Text-to-region grounding data:
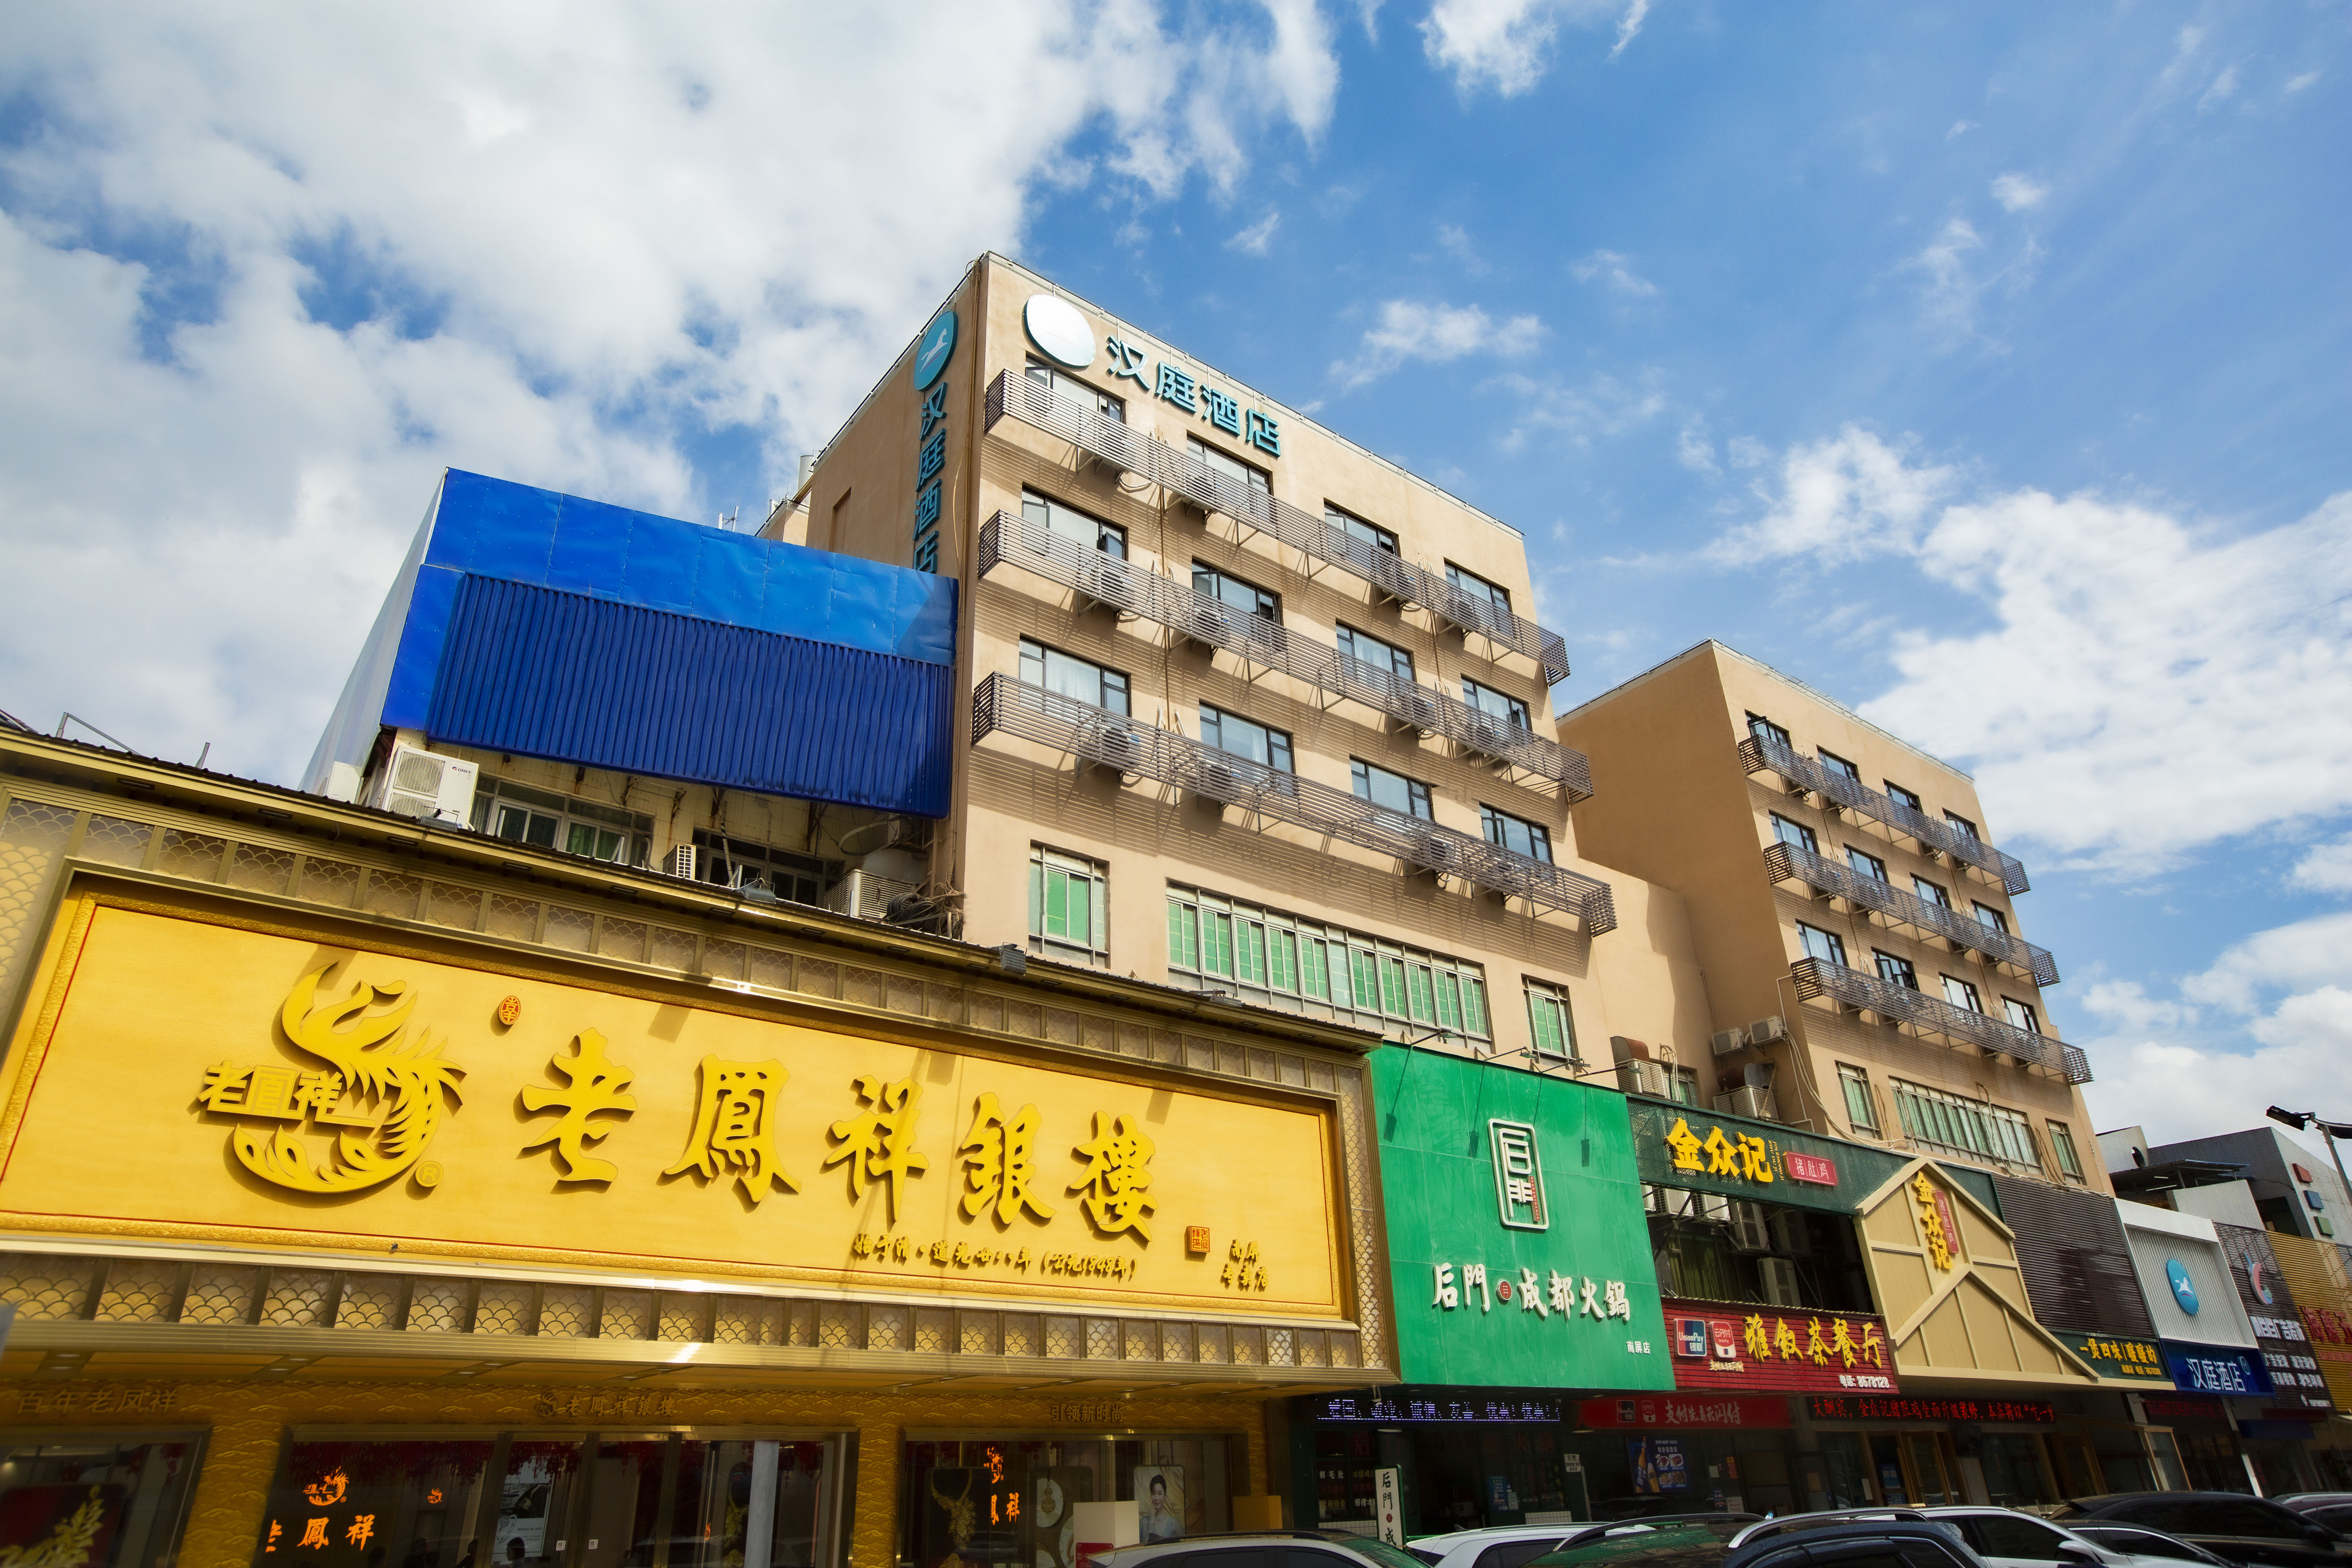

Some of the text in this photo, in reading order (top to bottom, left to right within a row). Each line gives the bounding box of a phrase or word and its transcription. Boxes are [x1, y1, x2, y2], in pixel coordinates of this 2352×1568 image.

[1106, 334, 1281, 457] 汉庭酒店
[913, 381, 948, 574] 汉庭酒店
[1664, 1117, 1774, 1183] 金众记
[1912, 1170, 1953, 1270] 金众记
[1231, 1239, 1261, 1260] 南屏
[1223, 1263, 1269, 1287] 专卖店
[1626, 1341, 1650, 1354] 南屏店
[1679, 1331, 1704, 1345] UnionPay
[1690, 1342, 1704, 1352] 银联
[2186, 1357, 2246, 1392] 汉庭酒店
[18, 1388, 178, 1414] 百年老凤祥
[1052, 1405, 1123, 1422] 引领新时尚
[1319, 1470, 1344, 1479] 鲜毛肚
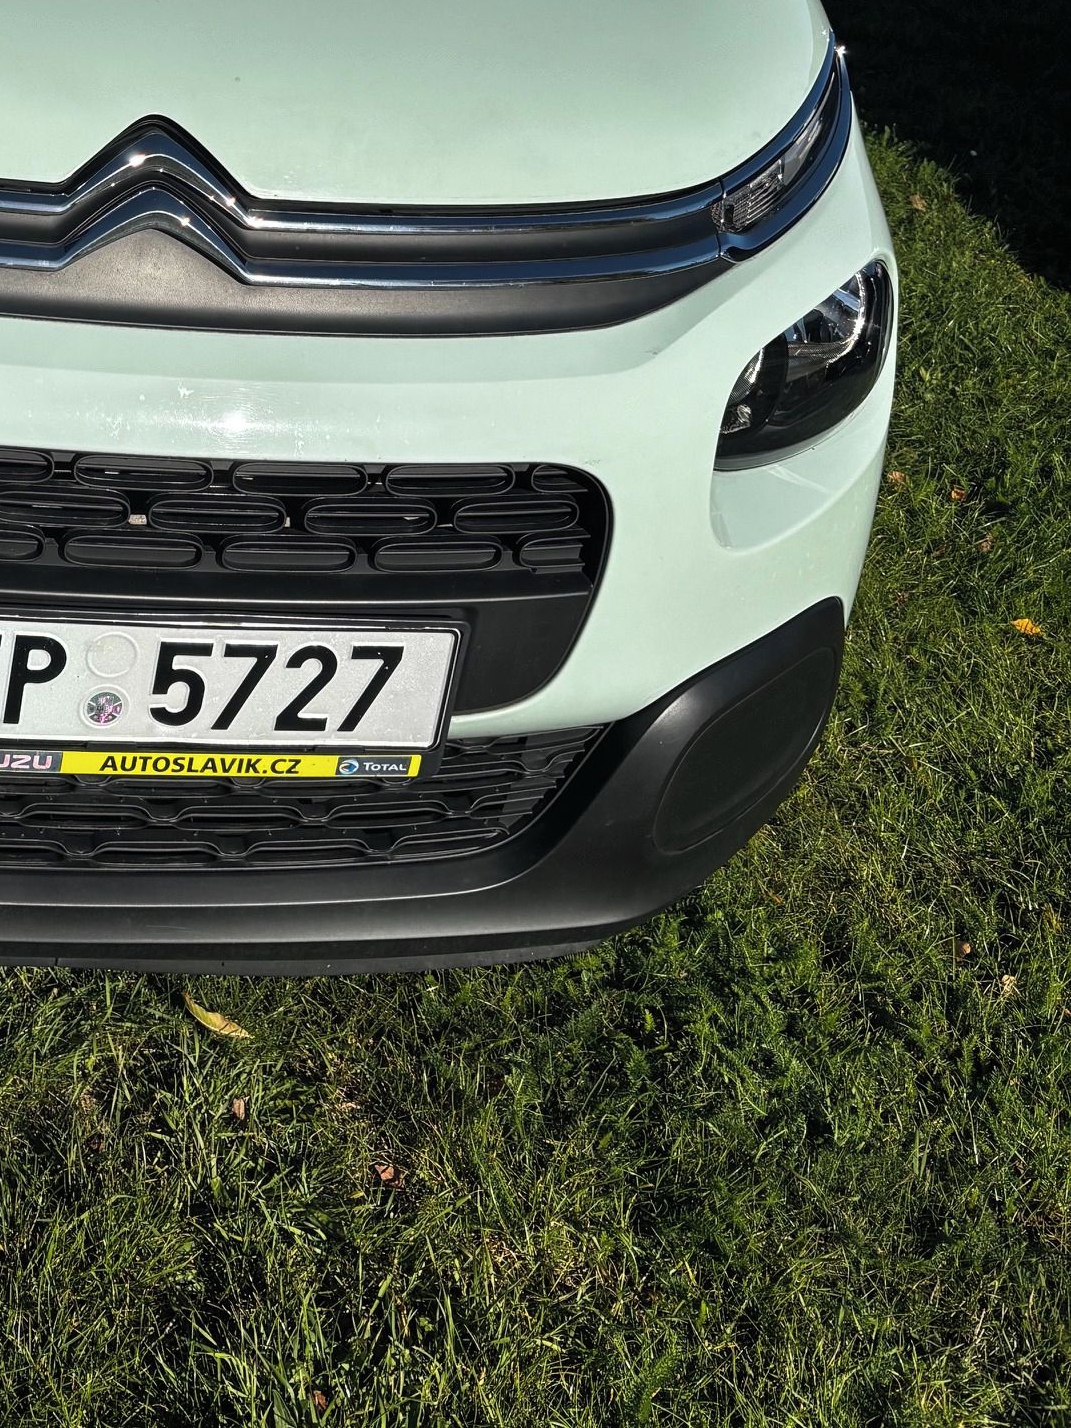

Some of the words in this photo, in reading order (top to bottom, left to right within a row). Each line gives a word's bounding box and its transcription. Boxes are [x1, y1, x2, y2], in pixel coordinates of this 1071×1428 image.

[149, 641, 405, 732] 5727
[99, 755, 302, 775] AUTOSLAVIK.CZ
[362, 761, 407, 772] TOTAL

■ **What the task asks**:
Starting at the line that contains "Some of the words", retype each remaining line of the records exactly; that line and the last line are both included.

■ **Solution for this task**:
Some of the words in this photo, in reading order (top to bottom, left to right within a row). Each line gives a word's bounding box and its transcription. Boxes are [x1, y1, x2, y2], in pixel coordinates of this 1071×1428 image.

[149, 641, 405, 732] 5727
[99, 755, 302, 775] AUTOSLAVIK.CZ
[362, 761, 407, 772] TOTAL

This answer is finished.